Retype the entries below exactly, and keep every picture out of your version.

# DATASET RECORDS

□ □ □ □ □ □ □

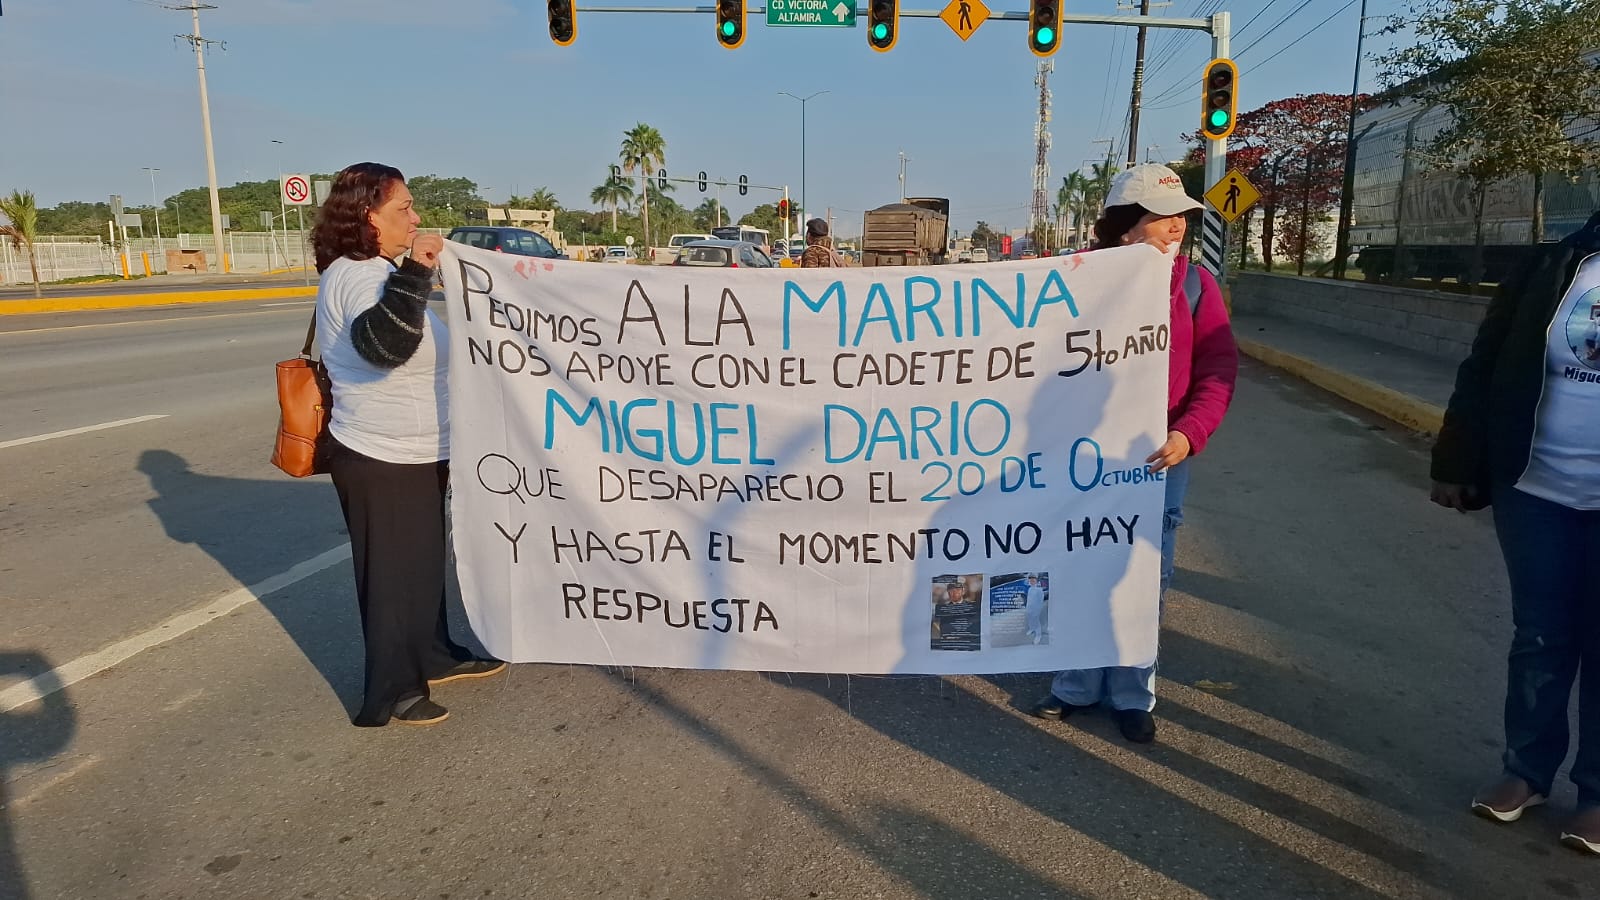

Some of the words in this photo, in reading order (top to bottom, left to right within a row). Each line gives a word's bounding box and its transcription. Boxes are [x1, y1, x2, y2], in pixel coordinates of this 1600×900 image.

[778, 13, 822, 22] ALTAMIRA
[788, 0, 828, 9] VICTORIA
[458, 258, 601, 347] PEDIMOS
[617, 279, 666, 346] A
[684, 284, 755, 346] LA
[783, 269, 1079, 350] MARINA
[468, 336, 552, 377] NOS
[566, 351, 674, 386] APOYE
[691, 353, 770, 389] CON
[779, 356, 817, 387] EL
[832, 348, 974, 389] CADETE
[987, 341, 1036, 382] DE
[1122, 324, 1169, 360] AÑO
[544, 388, 775, 466] MIGUEL
[823, 398, 1011, 464] DARIO
[476, 453, 567, 505] QUE
[599, 465, 845, 503] DESAPARECIO
[868, 471, 907, 503] EL
[920, 460, 985, 502] 20
[1001, 452, 1046, 492] DE
[1069, 437, 1165, 491] OCTUBRE
[494, 522, 527, 563] Y
[551, 525, 691, 564] HASTA
[708, 531, 745, 563] EL
[779, 528, 970, 566] MOMENTO
[984, 521, 1042, 559] NO
[1066, 514, 1139, 552] HAY
[562, 583, 779, 633] RESPUESTA
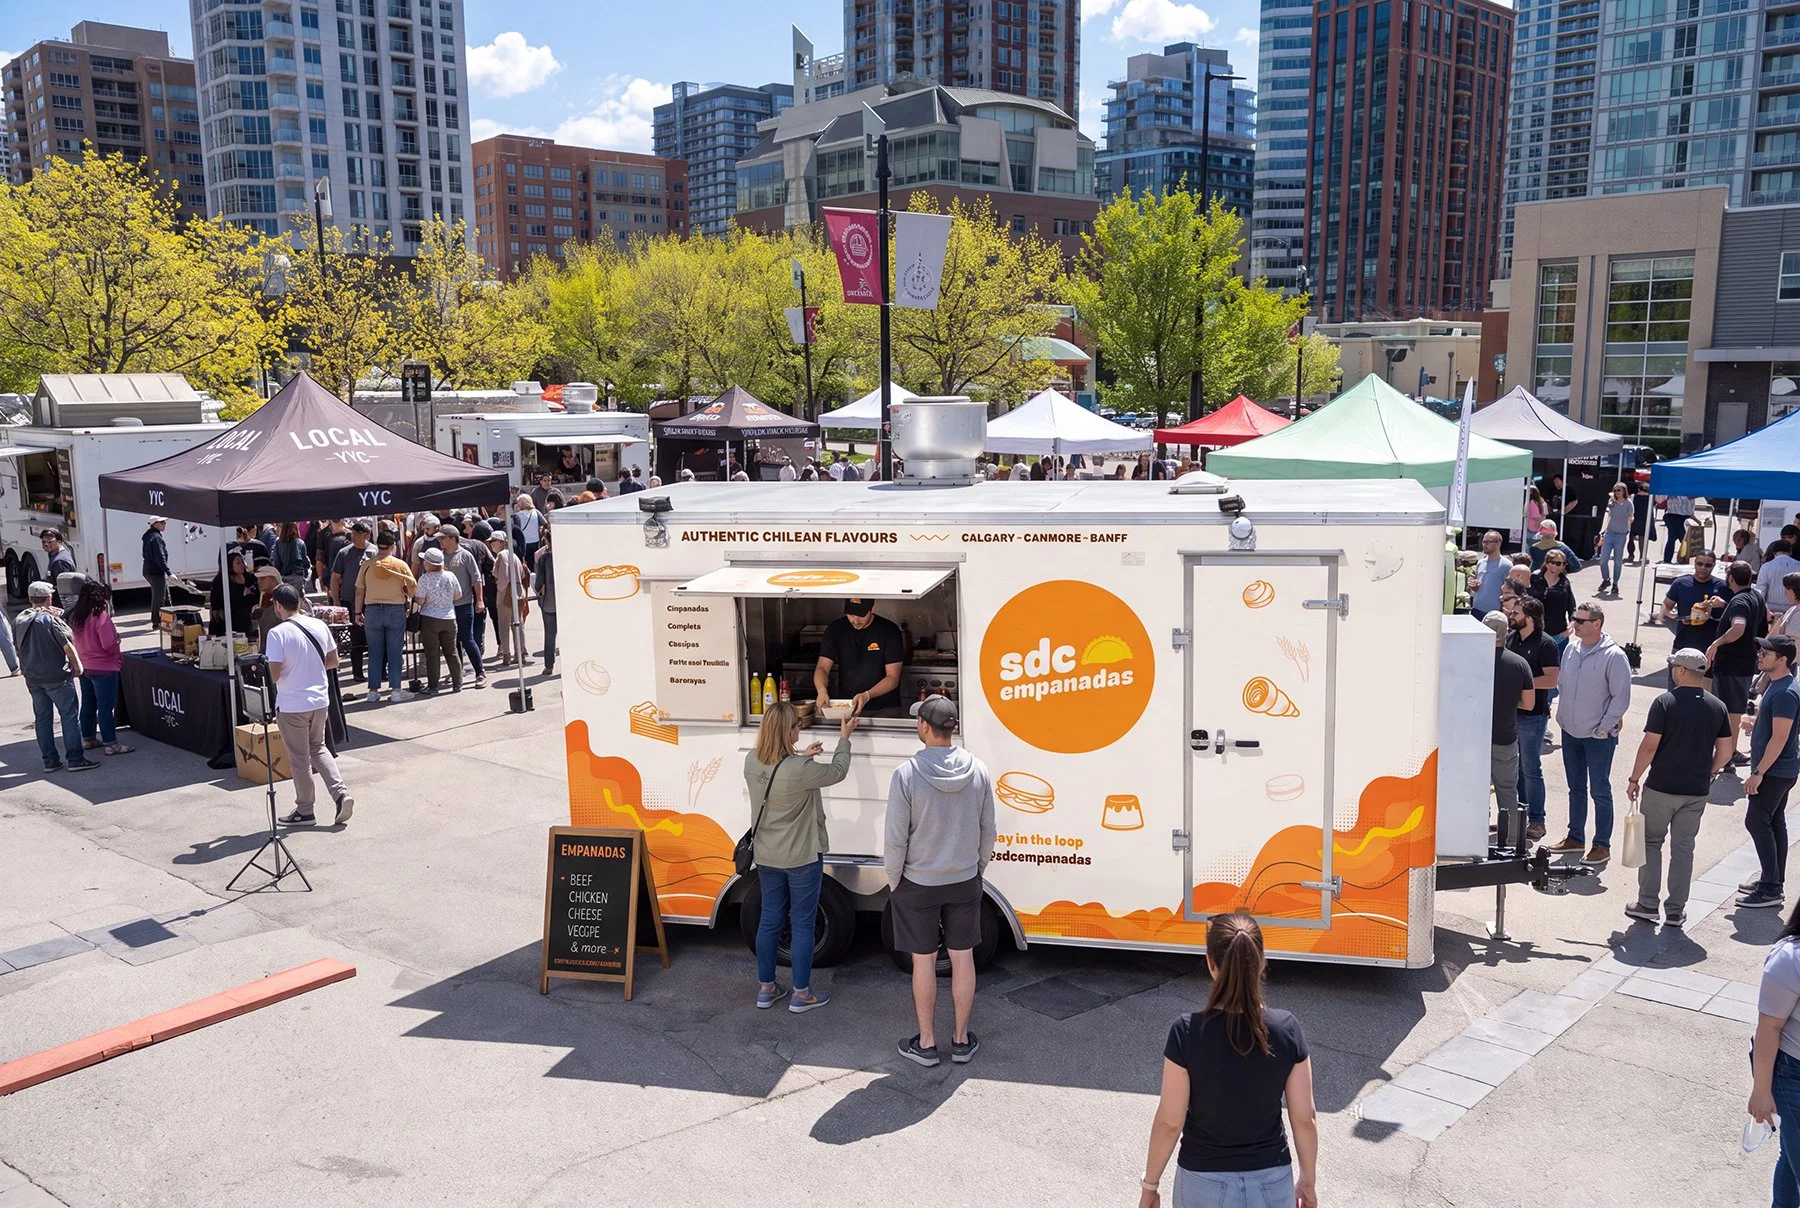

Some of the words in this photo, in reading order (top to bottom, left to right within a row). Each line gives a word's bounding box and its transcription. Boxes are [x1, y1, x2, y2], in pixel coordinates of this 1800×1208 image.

[205, 429, 263, 451] LOCAL
[289, 427, 387, 450] LOCAL
[149, 490, 165, 507] YYC
[358, 490, 392, 507] YYC
[681, 531, 760, 542] AUTHENTIC
[762, 531, 822, 543] CHILEAN
[825, 532, 898, 543] FLAVOURS
[961, 533, 1015, 543] CALGARY
[1023, 533, 1082, 543] CANMORE
[1090, 533, 1128, 543] BANFF
[999, 637, 1077, 682] sdc
[1000, 668, 1134, 702] empanadas
[151, 686, 185, 714] LOCAL
[1015, 833, 1028, 844] in
[1030, 834, 1052, 845] the
[1055, 835, 1084, 850] loop
[561, 844, 626, 859] EMPANADAS
[570, 873, 593, 887] BEEF
[568, 890, 609, 904] CHICKEN
[567, 907, 603, 921] CHEESE
[570, 941, 579, 953] &
[581, 943, 607, 954] more

□ □ □ □ □ □ □

# OUTPUT OF THE TASK
Some of the words in this photo, in reading order (top to bottom, left to right within a row). Each line gives a word's bounding box and its transcription. Boxes are [x1, y1, x2, y2], in pixel coordinates of this 1600×900 image.

[778, 13, 822, 22] ALTAMIRA
[788, 0, 828, 9] VICTORIA
[458, 258, 601, 347] PEDIMOS
[617, 279, 666, 346] A
[684, 284, 755, 346] LA
[783, 269, 1079, 350] MARINA
[468, 336, 552, 377] NOS
[566, 351, 674, 386] APOYE
[691, 353, 770, 389] CON
[779, 356, 817, 387] EL
[832, 348, 974, 389] CADETE
[987, 341, 1036, 382] DE
[1122, 324, 1169, 360] AÑO
[544, 388, 775, 466] MIGUEL
[823, 398, 1011, 464] DARIO
[476, 453, 567, 505] QUE
[599, 465, 845, 503] DESAPARECIO
[868, 471, 907, 503] EL
[920, 460, 985, 502] 20
[1001, 452, 1046, 492] DE
[1069, 437, 1165, 491] OCTUBRE
[494, 522, 527, 563] Y
[551, 525, 691, 564] HASTA
[708, 531, 745, 563] EL
[779, 528, 970, 566] MOMENTO
[984, 521, 1042, 559] NO
[1066, 514, 1139, 552] HAY
[562, 583, 779, 633] RESPUESTA

Some of the words in this photo, in reading order (top to bottom, left to right within a row). Each line gives a word's bounding box and its transcription. Boxes are [x1, y1, x2, y2], in pixel coordinates of this 1800×1208 image.

[205, 429, 263, 451] LOCAL
[289, 427, 387, 450] LOCAL
[149, 490, 165, 507] YYC
[358, 490, 392, 507] YYC
[681, 531, 760, 542] AUTHENTIC
[762, 531, 822, 543] CHILEAN
[825, 532, 898, 543] FLAVOURS
[961, 533, 1015, 543] CALGARY
[1023, 533, 1082, 543] CANMORE
[1090, 533, 1128, 543] BANFF
[999, 637, 1077, 682] sdc
[1000, 668, 1134, 702] empanadas
[151, 686, 185, 714] LOCAL
[1015, 833, 1028, 844] in
[1030, 834, 1052, 845] the
[1055, 835, 1084, 850] loop
[561, 844, 626, 859] EMPANADAS
[570, 873, 593, 887] BEEF
[568, 890, 609, 904] CHICKEN
[567, 907, 603, 921] CHEESE
[570, 941, 579, 953] &
[581, 943, 607, 954] more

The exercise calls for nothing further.